Loans for enterprises belonged in 2024 mostly to SMEs (62.5 percent of loans for enterprises). In terms of product, the largest share in company loans belonged to operating loans (PLN 170.2 billion, an increase of 4.3 percent) and investment loans (PLN 164.2 billion, an increase of 4.8 percent).

– Panelists during the “Banking Sector” session under the European Economic Congress emphasized that the situation of the banking sector is good. What has come today during the discussion is above all a matter of record profits that did not escape the attention of politicians, the issue of sector's excessness and readiness to finance investments, which unfortunately is not there – says Jerzy Bombczyński, a lawyer in the area of ​​banking and finance in Baker McKenzie.

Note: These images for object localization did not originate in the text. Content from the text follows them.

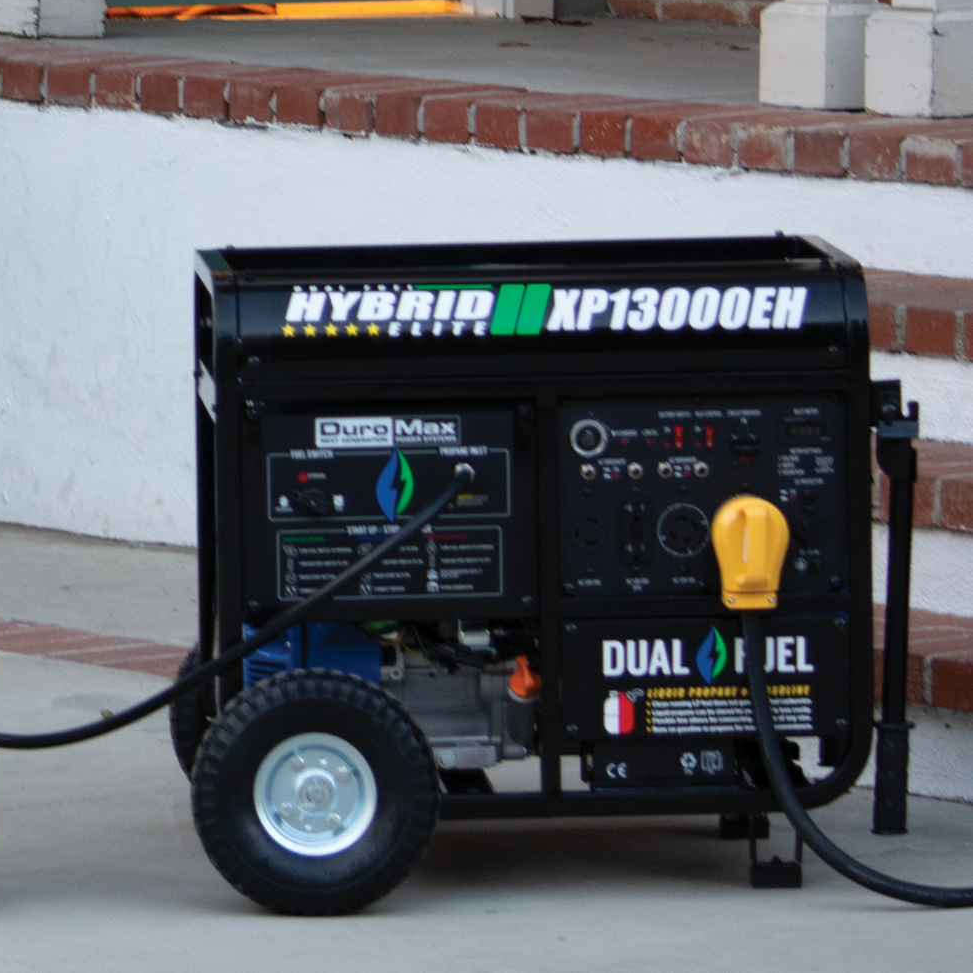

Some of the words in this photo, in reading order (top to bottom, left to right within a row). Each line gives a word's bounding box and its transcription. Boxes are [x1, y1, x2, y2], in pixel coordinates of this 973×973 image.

[285, 291, 495, 321] HYBRID
[546, 286, 807, 331] XP13000EH
[387, 320, 488, 337] ELITE
[602, 638, 690, 676] DUAL
[688, 685, 738, 698] PROPANE

Reminds you that In the near future, Polish banks will have to finance a huge scale investments for energy transformation and in defense. In the coming decade, Poland is planning a record level of defense expenditure. According to Deloitte's estimates, the total expenditure for this purpose in 2025-2035 will amount to PLN 1.9 trillion. This is a significant increase compared to PLN 825 billion spent between 2014 and 2024. In turn, it is estimated that the full energy transformation by 2040 will consume from 1.5 to 1.6 trillion, and only in the next six years will require approximately PLN 600 billion.

In addition, this year's credit shares should support interest rate reductions, which in the market belief will start before the holidays, maybe even in May. They will reduce the cost of a loan that will become more available to companies. Its incurrence would also facilitate the deregulation in the sector that Rafał Brzoski's team is working on.

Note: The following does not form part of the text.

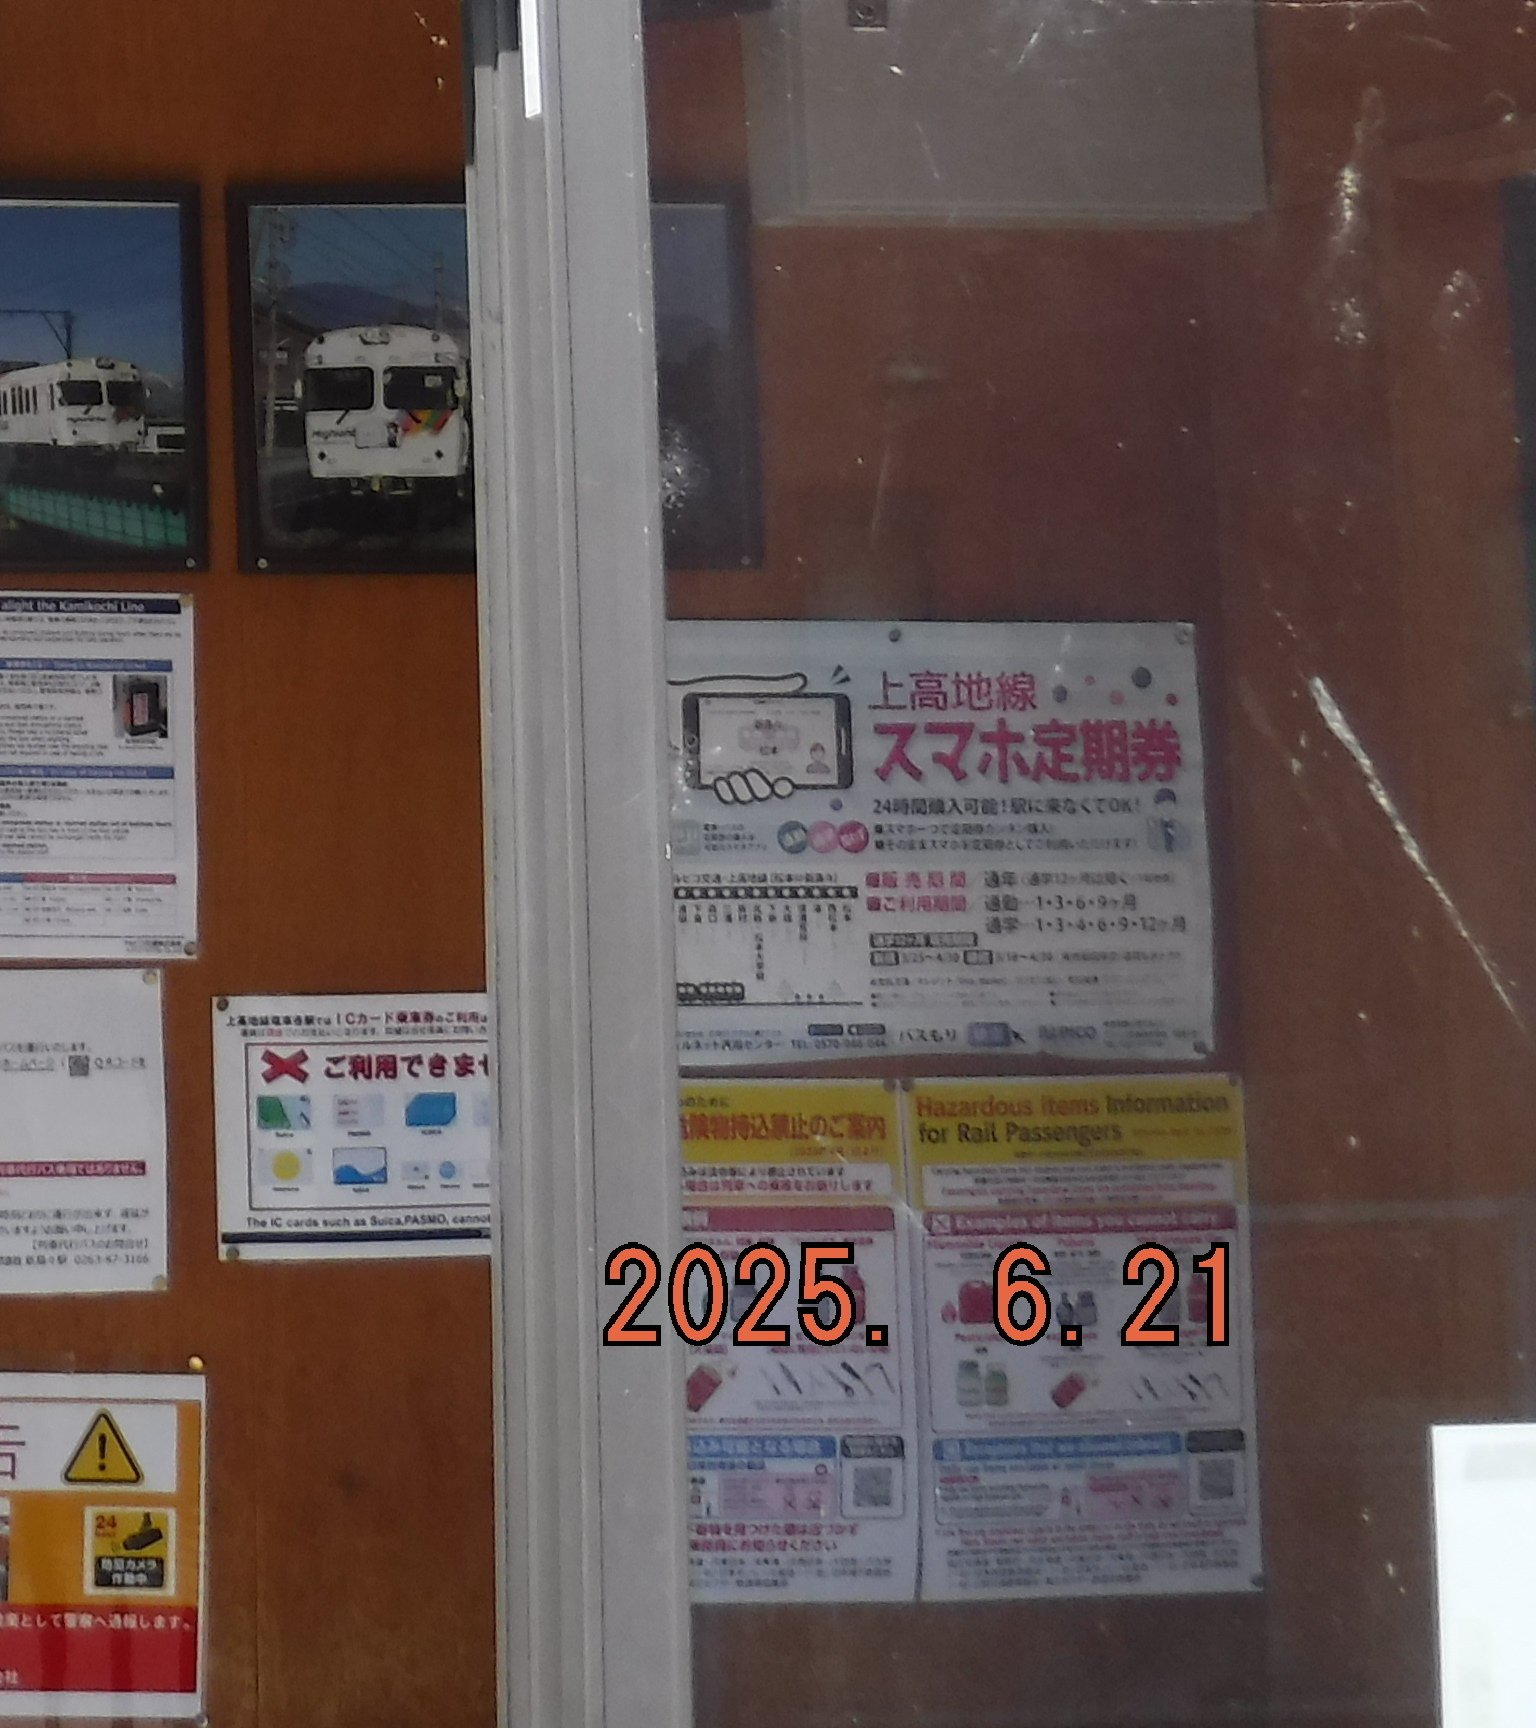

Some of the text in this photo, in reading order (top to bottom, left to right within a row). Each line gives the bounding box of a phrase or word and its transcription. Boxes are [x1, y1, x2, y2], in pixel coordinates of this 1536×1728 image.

– Each sector needs deregulation, for example, we work at the Ministry of Finance on the law related to the Cooperative Bank sector. The old law must be simplified to adapt it to new conditions after twenty years – says Jurand Drop.

– In the government, we are working very hard on the deregulation proposals that come from the team we check. They are quite pointy, for example, information about what is happening if someone dies and how quickly banks receive information on closing the bank account. There are a lot of such proposals, they are coming, we evaluate them and we will go out with legislative initiatives following the deregulation process.

The banks themselves as The most urgent deregulation demands indicated, among others, the need to simplify the loan process of entrepreneurs – Granting access to credit registers to entities from the financial sector (leasing, factoring, debt funds). They also raised the legitimacy of the introduction of regulations for bank guarantees in infrastructure investments, which would reduce the risk for the construction sector and improve the financing of infrastructure projects or limiting the duplicate bank reporting to various institutions.

– The regulation itself and deregulation are always only an instrument to achieve a goal. And what is definitely a problem in the context of the regulatory environment is the scale of legal risk affected by the financial sector in Poland. I mean the situation related to franc loans, which in an unprecedented way, in terms of European Union markets, decided how the dynamics of dealing with this legal risk looked like for many years – indicates Jerzy Bombczyński. – Poland still has to deal with the consequences of this huge scale of legal risk. During the discussion, it was emphasized several times that the Polish banking market does not seem too attractive for foreign investors. There have been no transactions on banking assets for many years that would attract a significant foreign investor.

Source:

Ashley Davis

I’m Ashley Davis as an editor, I’m committed to upholding the highest standards of integrity and accuracy in every piece we publish. My work is driven by curiosity, a passion for truth, and a belief that journalism plays a crucial role in shaping public discourse. I strive to tell stories that not only inform but also inspire action and conversation.